ZA/UM’s masterpiece Disco Elysium (2019) offers a reminder that uncertainty, while painful, can also encourage us to have compassion for one another.
I’ve started a tradition of replaying Disco Elysium when the weather turns bleak and grey at the end of November.
Disco Elysium is a role-playing game set in the fictional Revachol—an impoverished seaside town that was decimated by a political revolution that occurred decades earlier. You wake up at the beginning of the game with amnesia but soon discover that you are a detective named Harry, recovering from an alcohol-fueled bender. You also learn that you have a murder case to solve.
Over the course of the game, Harry explores Revachol, trying to piece together his own identity and solve the murder of a mercenary who had been hired to break a local union strike.
Disco Elysium has enjoyed commercial and critical success since its release in 2019 (winning PC Gamer’s game of the year). The game’s most stellar achievement is the way it tells its story through a creative dialogue tree system: you spend the game talking to NPCs and to different facets of your own damaged psyche.

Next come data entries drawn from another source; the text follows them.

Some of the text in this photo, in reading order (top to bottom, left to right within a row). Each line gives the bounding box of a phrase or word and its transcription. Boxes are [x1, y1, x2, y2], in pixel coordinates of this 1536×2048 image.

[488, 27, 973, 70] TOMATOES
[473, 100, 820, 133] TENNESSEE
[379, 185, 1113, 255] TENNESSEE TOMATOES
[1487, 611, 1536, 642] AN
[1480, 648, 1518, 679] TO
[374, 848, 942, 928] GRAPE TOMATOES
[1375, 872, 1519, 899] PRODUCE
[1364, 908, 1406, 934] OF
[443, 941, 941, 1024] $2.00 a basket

For example, Empathy might remind you that the rotting corpse in front of you was once someone’s child. Perception, on the other hand, might notice something hidden in the corpse’s throat.
These competing voices are often at odds with each other, and the player gets to pick which aspects of their psyche to listen to. But these choices do not always have clear right or wrong answers: pay attention to Empathy and you’ll become emotionally unstable. Ignore Empathy, and you’ll become a callous monster.

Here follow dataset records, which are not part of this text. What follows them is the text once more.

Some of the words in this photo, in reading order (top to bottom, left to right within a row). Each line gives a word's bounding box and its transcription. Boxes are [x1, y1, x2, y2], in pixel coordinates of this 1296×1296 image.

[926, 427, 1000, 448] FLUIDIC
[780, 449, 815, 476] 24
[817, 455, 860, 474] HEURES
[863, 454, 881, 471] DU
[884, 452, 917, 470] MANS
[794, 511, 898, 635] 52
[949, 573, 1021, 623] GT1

The game encourages players to sit with the idea that good people sometimes act badly, and that mistakes cannot be easily undone. Between allocating skills and dialogue options, there are a seemingly infinite number of choices Harry can make. It’s clear these choices matter, but it’s not clear how they will shape the story.
For example, early on in the game you encounter Cuno—a kid who hangs around hurling cruel insults at you as you try to get the murder victim’s corpse down from a tree. Cuno is possibly the most aggravating character in a video game, ever. You can ignore him, but you can also punch him in the face.

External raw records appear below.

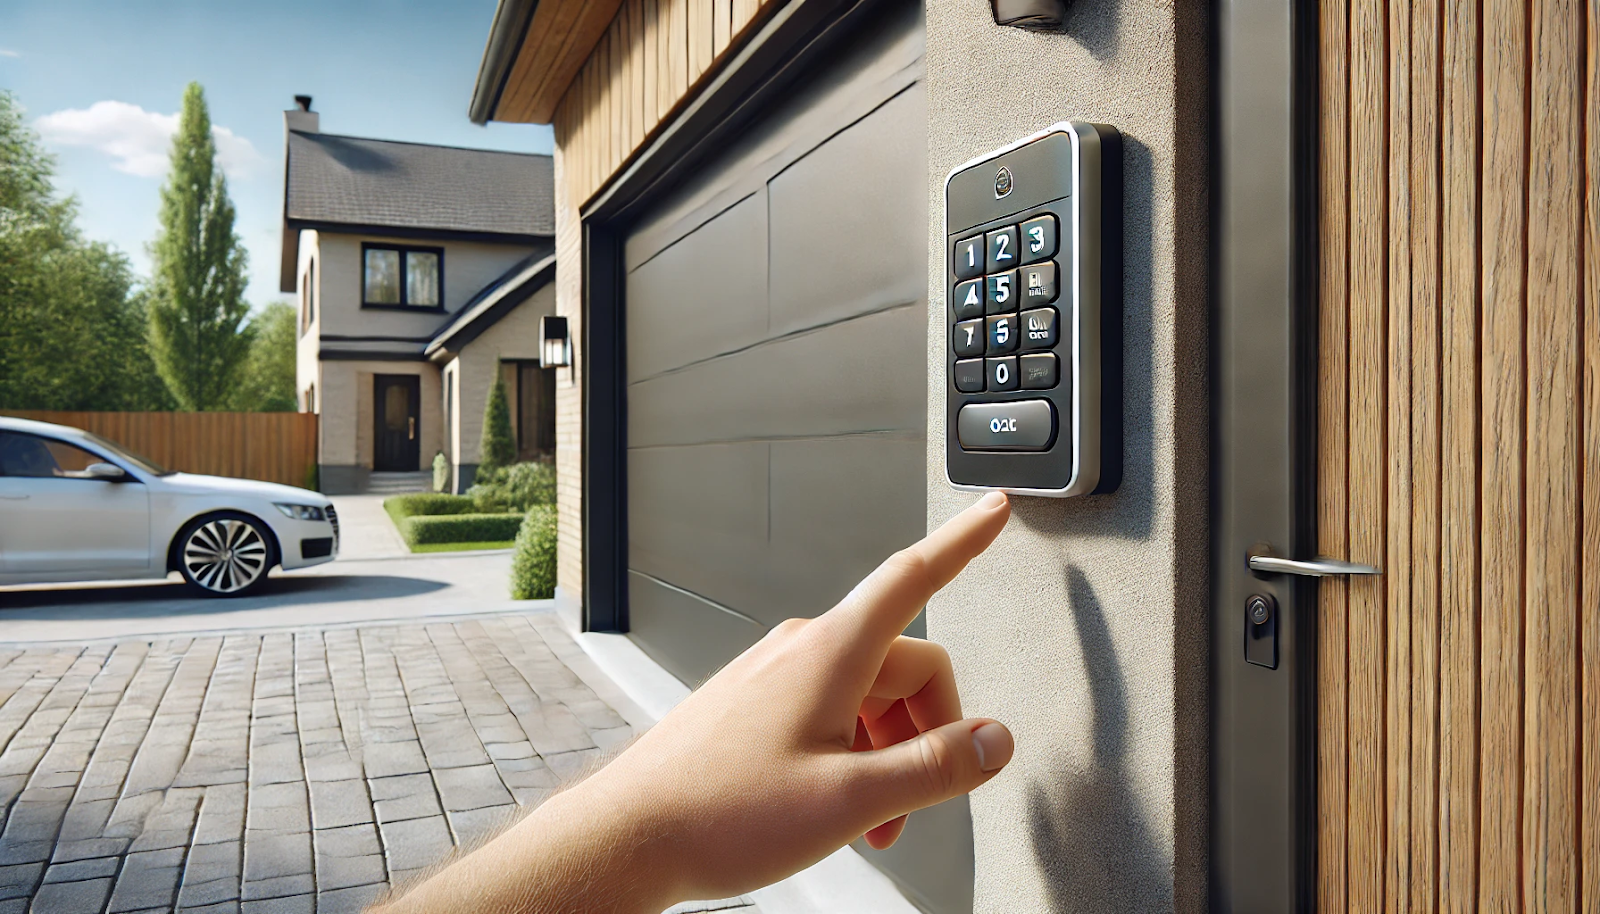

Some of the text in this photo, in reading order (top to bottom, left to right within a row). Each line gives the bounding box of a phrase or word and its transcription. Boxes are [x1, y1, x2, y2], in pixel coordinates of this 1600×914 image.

[967, 226, 1045, 267] 1 2 3
[995, 275, 1010, 303] 5
[963, 326, 974, 347] 7
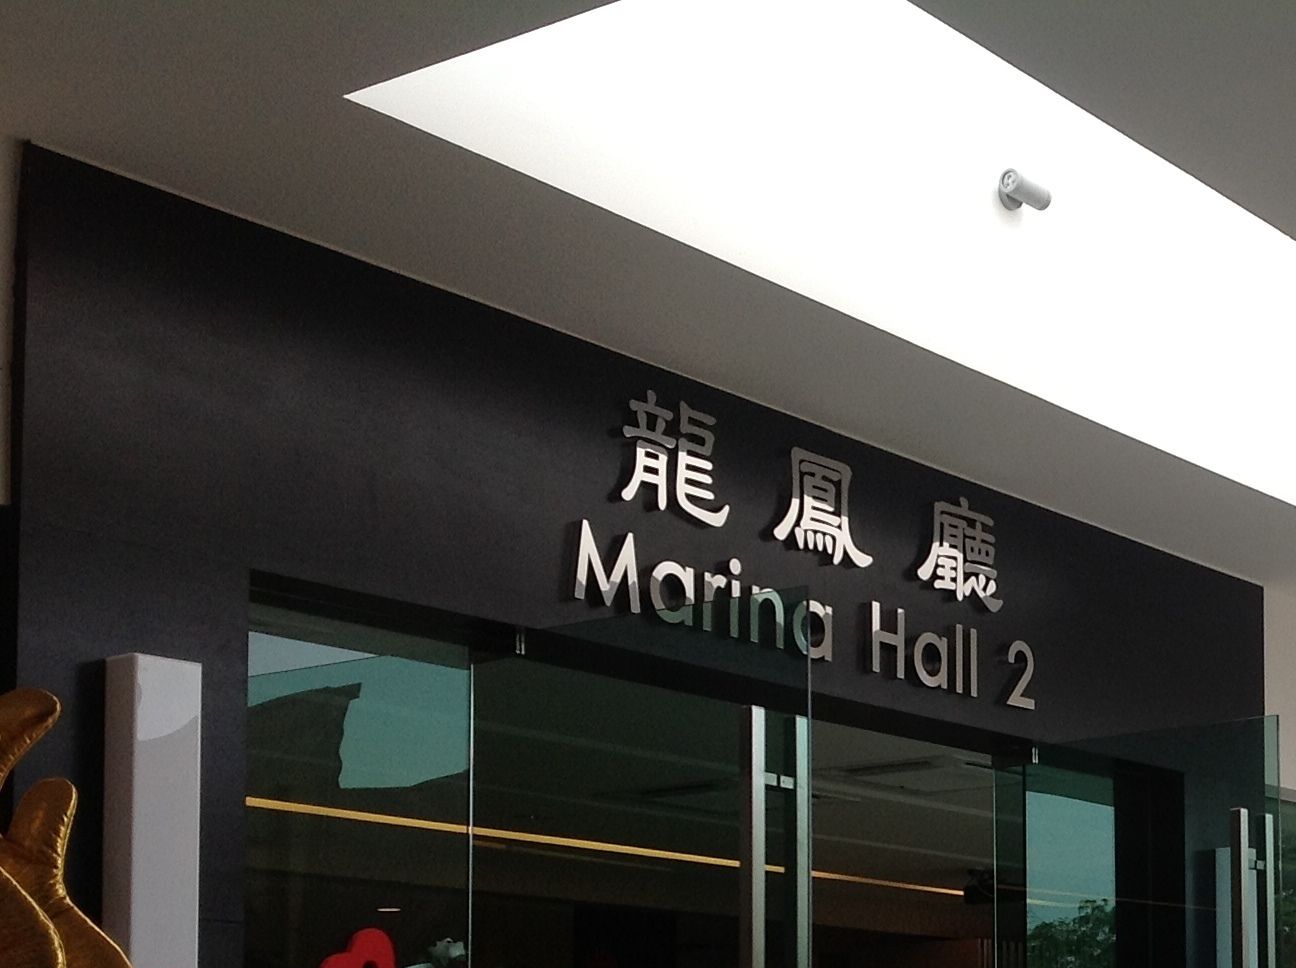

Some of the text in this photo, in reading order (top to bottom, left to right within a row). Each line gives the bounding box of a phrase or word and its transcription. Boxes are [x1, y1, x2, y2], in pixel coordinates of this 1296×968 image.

[621, 390, 1003, 612] 龍鳳廳
[574, 519, 1036, 710] Marina Hall 2

If you punch Cuno, he starts to respect you. As a result, he opens up to you, revealing that he was abused by his father. As Stacey Henley notes in her review of the game “There’s no right way to go about the situation, and that’s the point.”
The result of these types of interactions is that Disco Elysium furthers intense feelings of uncertainty. Like other media that takes experimental risks (think Akira Kurosawa’s Rashomon) Disco Elysium uses storytelling to raise tough questions about the world: are people Rational? Knowable? How confident can we be in the choices we make?
Uncertainty can be painful, but it can also be beneficial. The mathematician Dr. Jacob Bronowski described uncertainty as a key component of science and ethical action. For Bronowski, human knowledge is “personal and responsible, an unending adventure at the edge of uncertainty.” Certainty on the other hand, can be dangerous. As Bronowski observed, Hitler was certain.
Disco Elysium gets this idea across through both its story and mechanics.
Disco Elysium’s brilliance was driven home for me after I recently played Wolfenstein: The New Order. In the game, set during an alternative history in which the Nazi’s won World War II, a protagonist observes, “I cannot believe with such certainty. For me, in everything, there must be doubt. Otherwise, there’s no room to question.” In character dialogue, Wolfenstein like Bronowski, links certainty with fascism.
However, the above statement is deeply at odds with Wolfenstein’s mechanics—the game encourages gratuitous violence with little reflection. The point of the game is to take satisfaction in killing with moral certitude. The player character is an undefeatable bullet sponge whose choices are always right.
Disco Elysium on the other hand, excels at exploring the moral complexity of uncertainty. Harry is filled with doubt. He is imperfect and shaped by personal trauma. As we play out several days of Harry’s life, we do not always know how our choices are shaping the world. This uncertainty makes Disco Elysium’s characters memorable, relatable, and moving. It fills us with compassion not only for Harry, but for the broken world he inhabits.